That means, Stein says, that McCain's prescription is precisely wrong. Writes Stein:
...the unhappy fact is that it’s necessary to raise my taxes and the taxes of all upper-income Americans. (I do wish, however, that “upper income” started just a dollar above me.)The sad truth of the last two two-term Republican presidents is that their economic premise, the key part of their economic game plan, simply has not done what it’s supposed to do.
That is, cutting taxes, especially on upper-income Americans, does not generate so much economic activity that it replaces all the lost I.R.S. take and then some. At least those have been the results so far. When Ronald Reagan lowered taxes, personal income tax revenue stagnated from 1982 to 1984. Now, you may say that revenue rose sharply after that. So maybe that was a mixed result.
But when President Bush drastically cut taxes after he was first elected, the I.R.S. take from individual income taxes fell and did not recover its 2001 level until 2006.A conservative purist might rejoin here that it would be fine if income tax receipts fell, because we would then have a smaller government and a freer society.
That would be nice, but far from true. Instead, government just keeps growing. Government spending grew dramatically under President Reagan, very nearly doubling, and leaving us with a federal deficit vastly bigger than the one he inherited. I know that a large chunk of that increase was to rebuild the military. I heartily approved of it.
But if you want to have a military buildup — and we need one now, desperately — that’s usually a reason to raise taxes, not cut them.
Under the current president, we have had the same story. As income tax receipts fell, military and other spending rose rapidly. Again, this spending was justified as far as I’m concerned. But we have been left with immense deficits and a doubled national debt as President Bush enters his final months in office.

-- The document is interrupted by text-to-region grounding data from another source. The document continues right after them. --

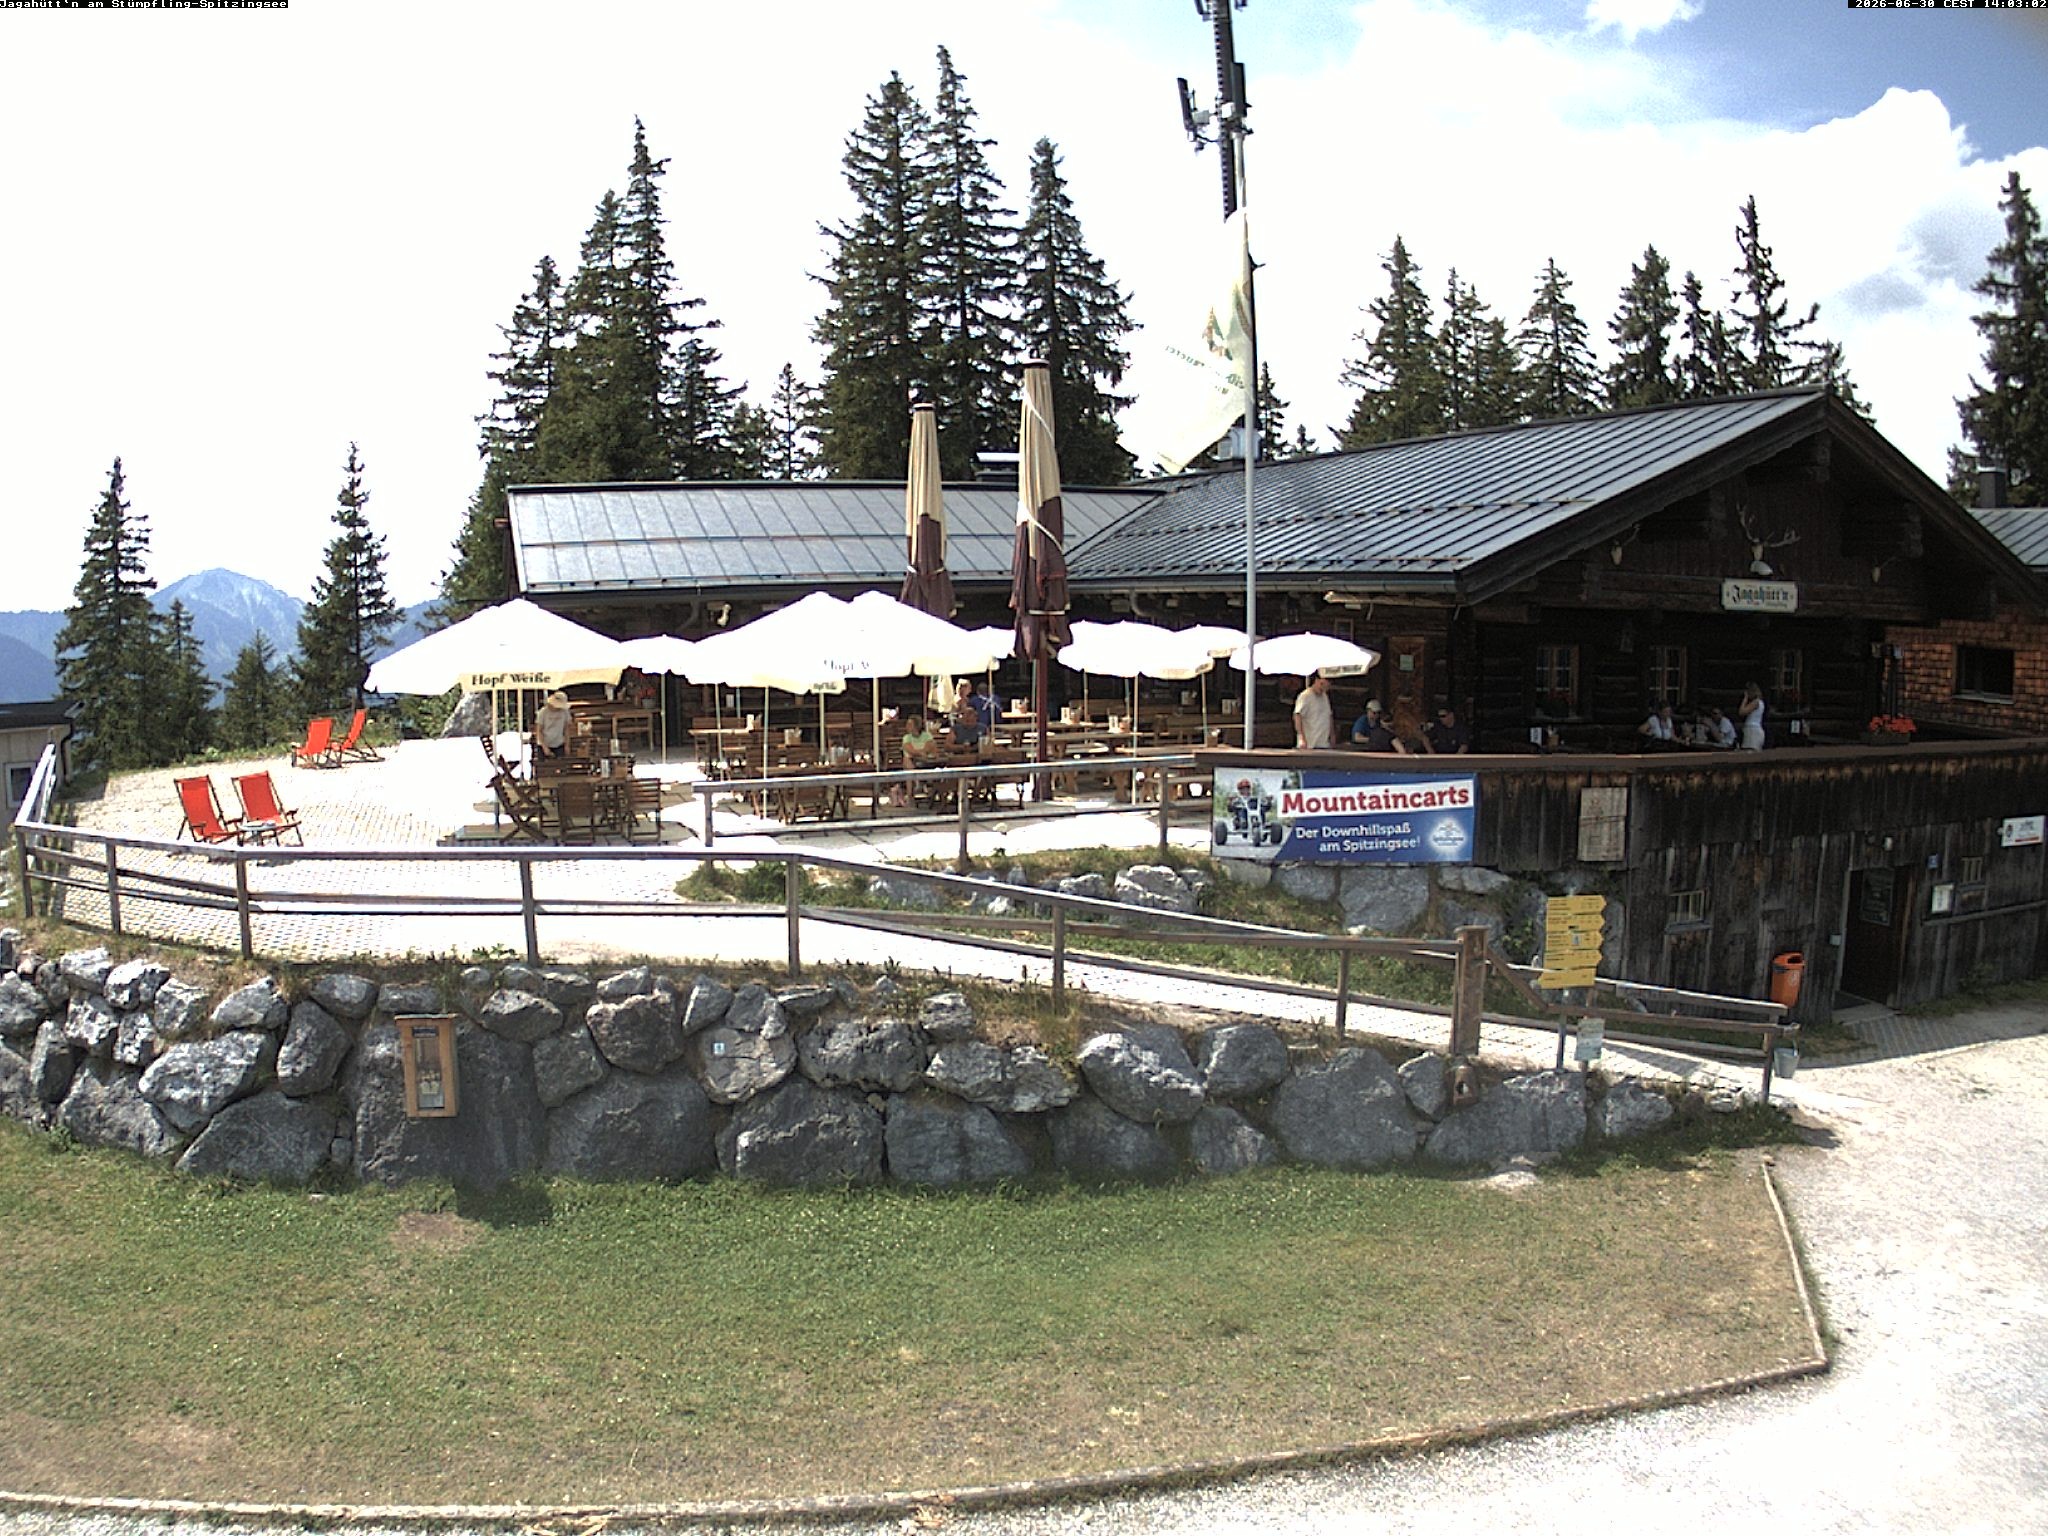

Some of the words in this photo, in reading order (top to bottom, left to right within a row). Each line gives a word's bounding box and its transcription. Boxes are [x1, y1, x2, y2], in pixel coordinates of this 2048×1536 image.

[472, 674, 507, 688] Hopf
[510, 672, 551, 683] Weiße
[1281, 786, 1469, 814] Mountaincarts
[1295, 827, 1318, 838] Der
[1322, 822, 1411, 838] Downhillspaß
[1319, 841, 1340, 852] am

Mr. McCain wants to extend many of President Bush’s income tax cuts and to reduce taxes on corporations. But the facts of life are that we have a large budget deficit, even though some other nations have even larger deficits as percentages of gross domestic product. We have to pay interest on it. As a people and a nation, we owe this money in large part to foreigners — and that can have political implications. The facts of life are that federal spending is almost all untouchable: the military, Social Security, Medicare, interest on the debt, pensions. The discretionary part is tiny.

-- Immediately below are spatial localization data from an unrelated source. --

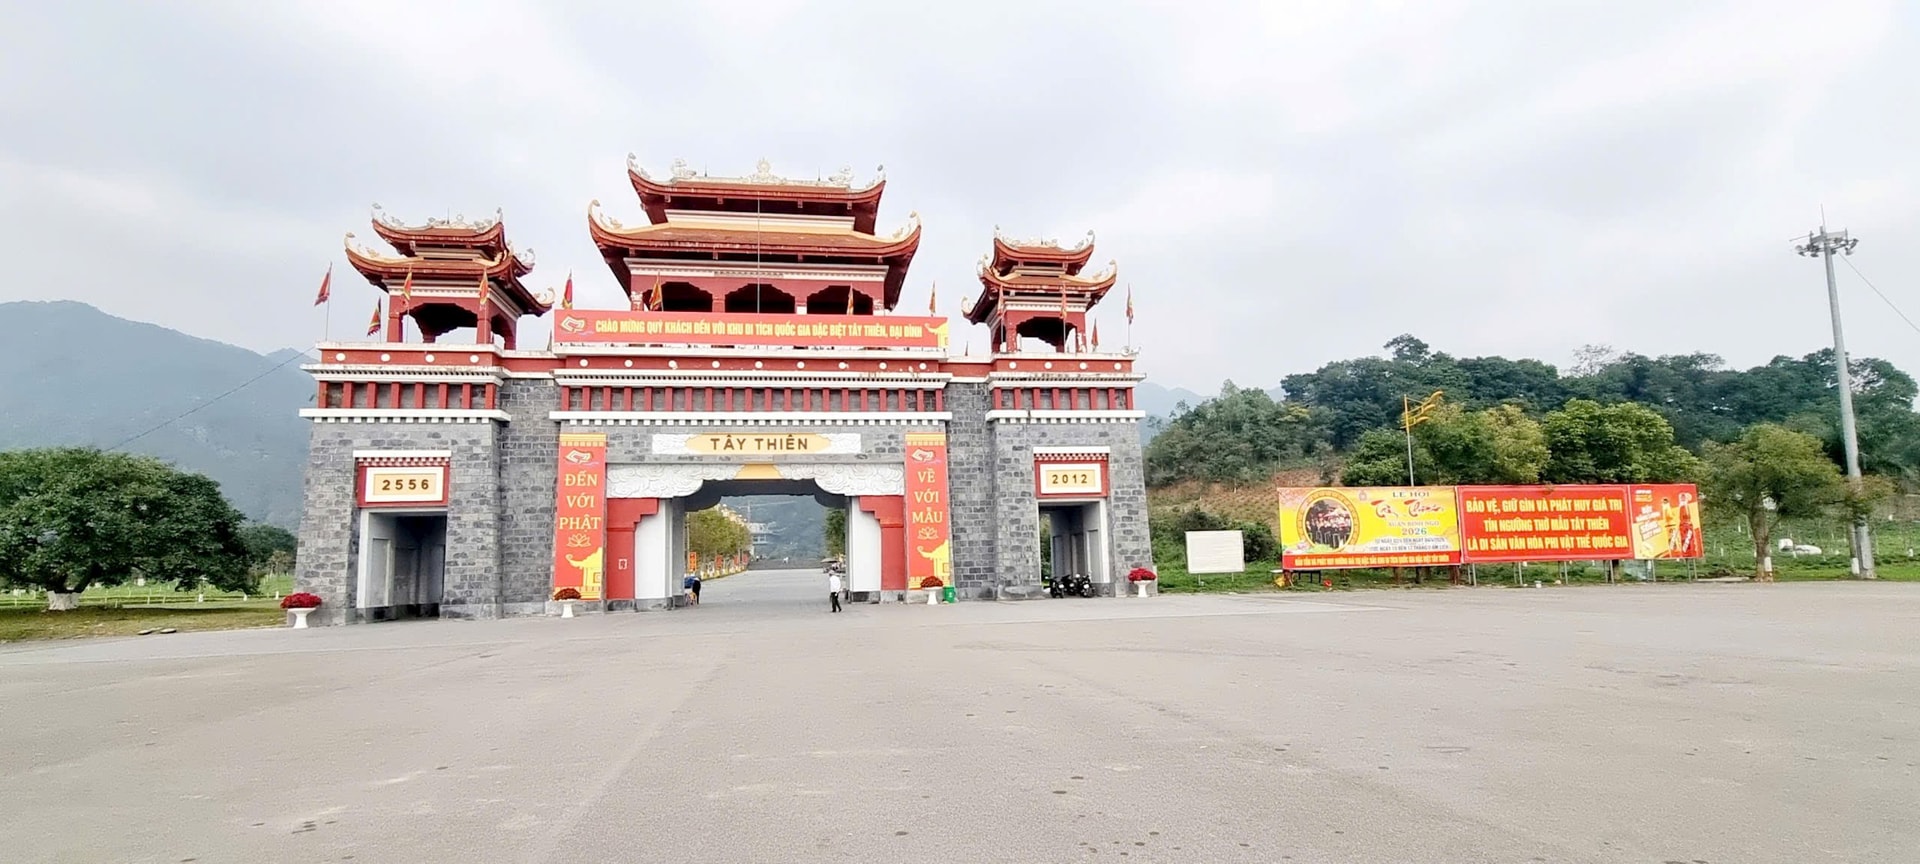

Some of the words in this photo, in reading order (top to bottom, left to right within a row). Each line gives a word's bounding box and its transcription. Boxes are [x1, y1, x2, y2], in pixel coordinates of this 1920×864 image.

[596, 318, 618, 332] CHÀO
[620, 318, 645, 333] MỪNG
[665, 320, 692, 334] KHÁCH
[694, 320, 711, 334] ĐẾN
[712, 320, 726, 335] VỚI
[727, 322, 744, 335] KHU
[745, 323, 754, 335] DI
[755, 322, 773, 336] TÍCH
[774, 320, 796, 337] QUỐC
[798, 324, 811, 336] GIA
[812, 322, 828, 339] ĐẶC
[830, 322, 846, 339] BIỆT
[848, 322, 862, 337] TÂY
[864, 322, 888, 338] THIÊN,
[890, 325, 902, 340] ĐẠI
[904, 324, 922, 338] ĐÌNH
[710, 434, 746, 450] TÂY
[754, 434, 808, 450] THIÊN
[565, 470, 598, 487] ĐẾN
[918, 468, 935, 483] VỀ
[1052, 474, 1087, 484] 2012
[382, 479, 429, 491] 2556
[566, 492, 595, 508] VỚI
[914, 488, 939, 503] VỚI
[1466, 496, 1485, 512] BẢO
[1486, 498, 1500, 515] VỆ,
[1502, 498, 1518, 512] GIỮ
[1519, 498, 1535, 512] GÌN
[1536, 498, 1549, 512] VÀ
[1550, 497, 1572, 512] PHÁT
[1574, 499, 1591, 512] HUY
[1592, 497, 1608, 512] GIÁ
[1608, 499, 1623, 513] TRỊ
[912, 506, 943, 523] MẪU
[559, 514, 602, 533] PHẬT
[1483, 518, 1498, 532] TÍN
[1499, 517, 1533, 532] NGƯỠNG
[1534, 516, 1550, 531] THỜ
[1551, 515, 1569, 531] MẪU
[1570, 516, 1585, 530] TÂY
[1586, 516, 1610, 530] THIÊN
[1468, 536, 1479, 551] LÀ
[1479, 538, 1489, 551] DI
[1490, 535, 1508, 551] SẢN
[1508, 536, 1526, 550] VĂN
[1545, 537, 1559, 549] PHI
[1560, 534, 1574, 551] VẬT
[1576, 532, 1592, 549] THẾ
[1592, 533, 1614, 550] QUỐC
[1614, 536, 1629, 548] GIA

What's intriguing about Stein's critique of McCain's stated intention of making the Bush2 tax cuts permanent and to not raise taxes during his watch is that Ben Stein, the son of one time chair of the Council of Economic Advisers under President Nixon, Herb Stein, is a conservative Republican. It isn't just in the realm of foreign policy that the neo-orthodoxies of postmodern conservatism are questioned by traditional conservative thinking. That can't bode well for John McCain as he strives to knit a new Republican coalition this year.
Read the whole thing.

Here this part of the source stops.